UPDATE: Gov. Ralph Northam outlined exactly what will reopen and what won’t at a press conference on May 8th. See the details here.
Gov. Ralph Northam said Virginia could start easing coronavirus restrictions as early as next week.
Northam, who was speaking at a press conference Monday, said he was also extending his order requiring all non-essential businesses to close another week, from May 8th to May 15th.
“Now we can start to move into a new phase of our response,” he announced, “but at the same time I want to make it very clear that the virus is still here. It has not gone away and it will not go away until we have a vaccination.”
Northam explained that even as the state begins to ease restrictions, residents will need to be more cautious than they were before the onset of the pandemic.
“To be clear we are not entering phase one today, nor this week based on the data. I expect that we may be able to enter it as soon as next week,” he said.
In phase one, gatherings of more than 10 people will still be prohibited, face coverings like masks will still be required and teleworking should still be considered the norm. Businesses that are allowed to open will need to follow guidelines for increased cleaning and disinfecting along with physical distancing between inside stores.
Northam announced that the state will provide additional written guidelines for different industries to guide them in this first phase of reopening.
“Here’s the bottom line,” Northam said, “you’ll be able to get your haircut, but you’ll need an appointment and you’ll need new safety measures in the salon. It means you can go out to eat again, but restaurants will use less of their seating so people can spread out, more employees will wear face coverings and they’ll do more cleaning.”
In phase one more retail businesses will also be able to open, but they will have to operate at a lower capacity, Northam explained. Gyms will be allowed to reopen but with fewer people inside and with requirements for cleaning.
“We will [also] accommodate the needs of churches and houses of worship together in person, but social distancing still matters, even at church,” Northam said.

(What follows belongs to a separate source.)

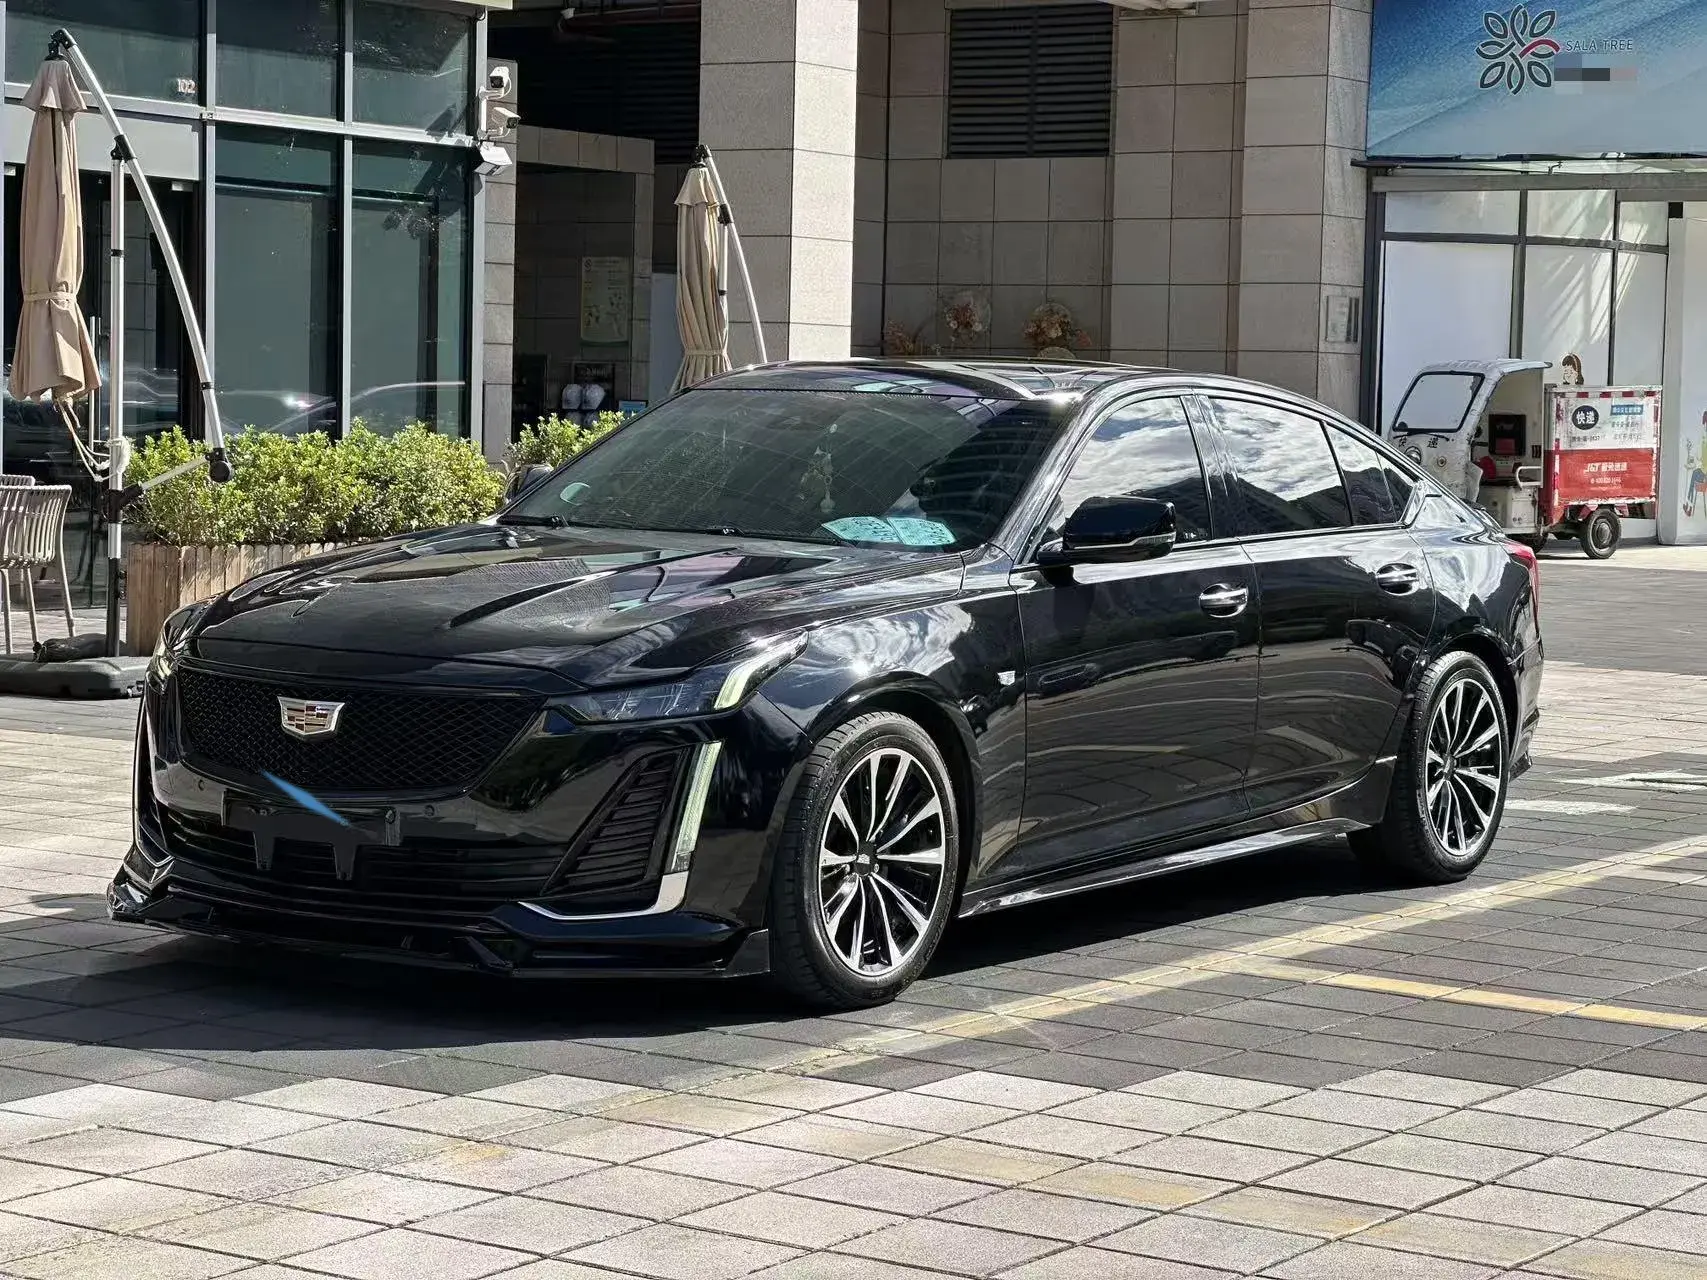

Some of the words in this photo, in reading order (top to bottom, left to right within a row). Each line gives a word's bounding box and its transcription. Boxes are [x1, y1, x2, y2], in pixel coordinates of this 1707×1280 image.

[1566, 39, 1597, 51] SALA
[1603, 39, 1633, 51] TREE
[176, 78, 195, 94] 102
[1576, 410, 1595, 424] 快递

According to Northam’s office, the first phase for the state could last three weeks or more to stay consistent with CDC guidelines. The following phases would also last about three weeks assuming that coronavirus cases remain under control.

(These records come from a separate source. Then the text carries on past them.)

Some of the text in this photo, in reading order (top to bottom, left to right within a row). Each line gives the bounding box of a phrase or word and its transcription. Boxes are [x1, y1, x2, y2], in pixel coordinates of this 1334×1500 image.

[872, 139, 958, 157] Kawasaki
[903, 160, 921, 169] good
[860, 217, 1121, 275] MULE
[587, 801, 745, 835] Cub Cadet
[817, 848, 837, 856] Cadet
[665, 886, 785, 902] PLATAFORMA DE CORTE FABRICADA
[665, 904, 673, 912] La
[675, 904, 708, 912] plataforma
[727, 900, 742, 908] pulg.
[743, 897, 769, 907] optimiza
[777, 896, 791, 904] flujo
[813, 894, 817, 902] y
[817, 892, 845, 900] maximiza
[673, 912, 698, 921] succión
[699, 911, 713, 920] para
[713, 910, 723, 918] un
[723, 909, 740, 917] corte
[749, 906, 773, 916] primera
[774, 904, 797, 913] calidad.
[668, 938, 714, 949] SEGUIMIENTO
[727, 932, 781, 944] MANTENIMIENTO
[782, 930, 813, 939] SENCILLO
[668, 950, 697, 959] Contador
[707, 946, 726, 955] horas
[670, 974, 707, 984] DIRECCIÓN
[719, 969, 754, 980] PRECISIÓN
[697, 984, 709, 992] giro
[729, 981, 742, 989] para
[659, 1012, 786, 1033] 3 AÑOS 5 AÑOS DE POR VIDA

“We will continue to ease restrictions if we see our numbers trend downward,” Northam said. Officials want to see a downward trend on a couple of factors, like the number of new cases and the number of hospitalizations. Keeping the state open will also depend on hospital capacity and the supply of personal protective equipment along with detailed contact tracing and thorough coronavirus testing.

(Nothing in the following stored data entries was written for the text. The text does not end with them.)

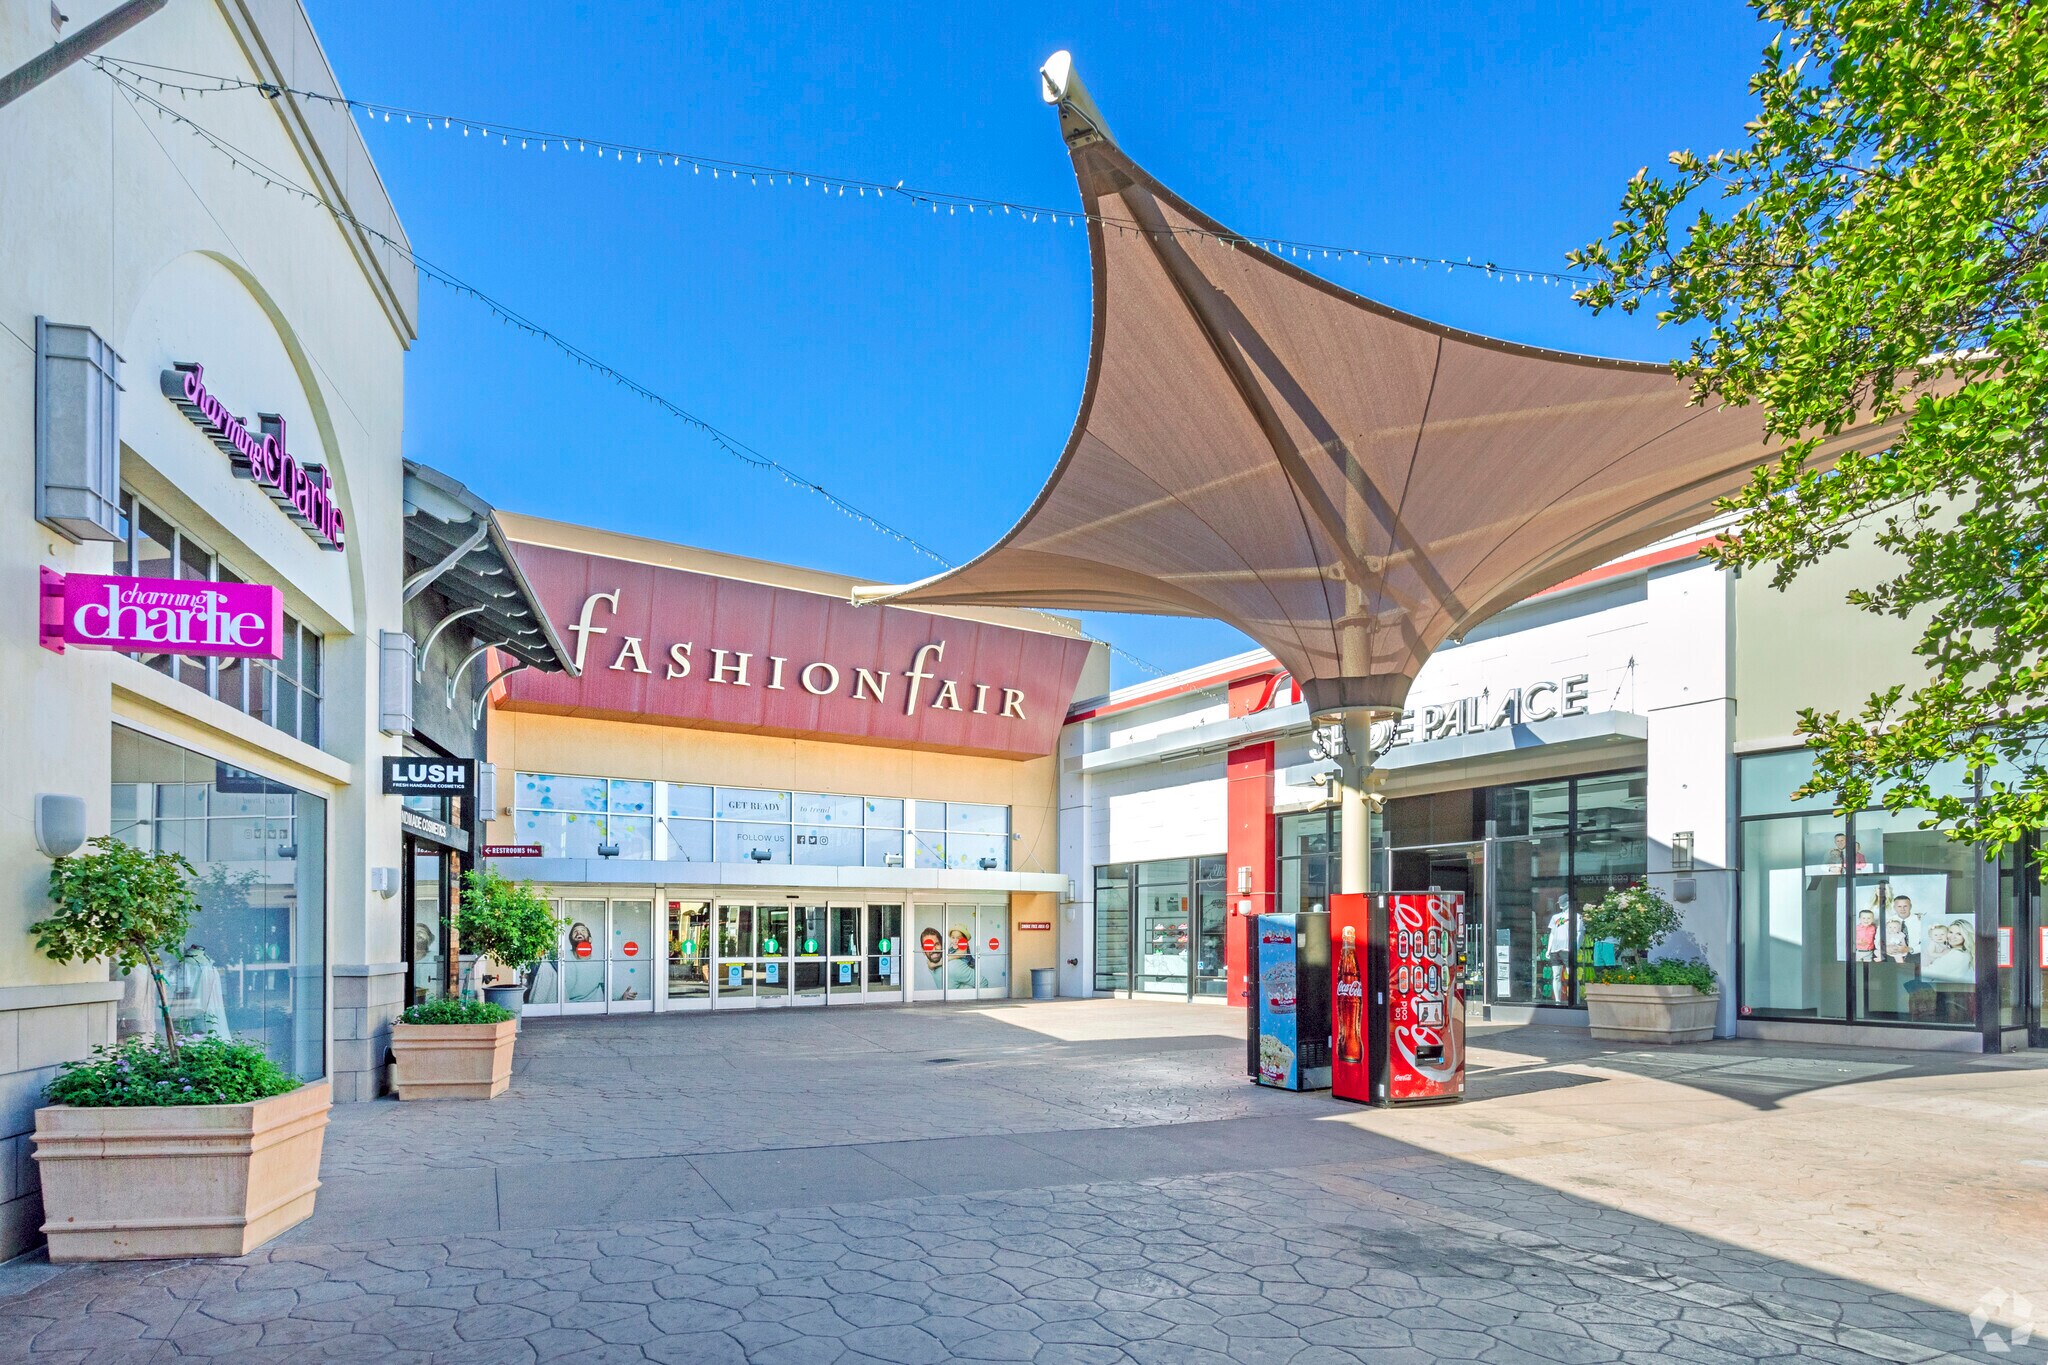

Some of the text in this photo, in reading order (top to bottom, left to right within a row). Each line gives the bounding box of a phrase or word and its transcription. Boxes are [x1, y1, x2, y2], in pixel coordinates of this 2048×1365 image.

[183, 362, 345, 552] charming charlie
[120, 583, 207, 615] charming
[73, 583, 266, 647] charlie
[1421, 674, 1590, 742] PALACE
[392, 763, 465, 783] LUSH
[728, 801, 748, 810] GET
[750, 802, 781, 811] READY
[810, 806, 831, 814] trend
[401, 810, 447, 838] NDMADE COSMETICS
[737, 833, 785, 843] FOLLOW US
[1400, 1000, 1408, 1020] cold

“I will extend Executive Order 53 which restricted certain businesses and banned gatherings of more than 10 people through next Thursday night, May 14. We will adjust the current Stay-at-Home order, emphasizing a Safer-at-Home,” Northam said.
Gov. Northam wrapped up the briefing by thanking residents who have followed state guidelines and helped to flatten the curve.
“Everyone in Virginia made sacrifices but everything you have done has truly made a difference,” Northam said. “We flattened the curve and our hospitals have not been overwhelmed. I am keenly aware that it has come with tremendous cost.”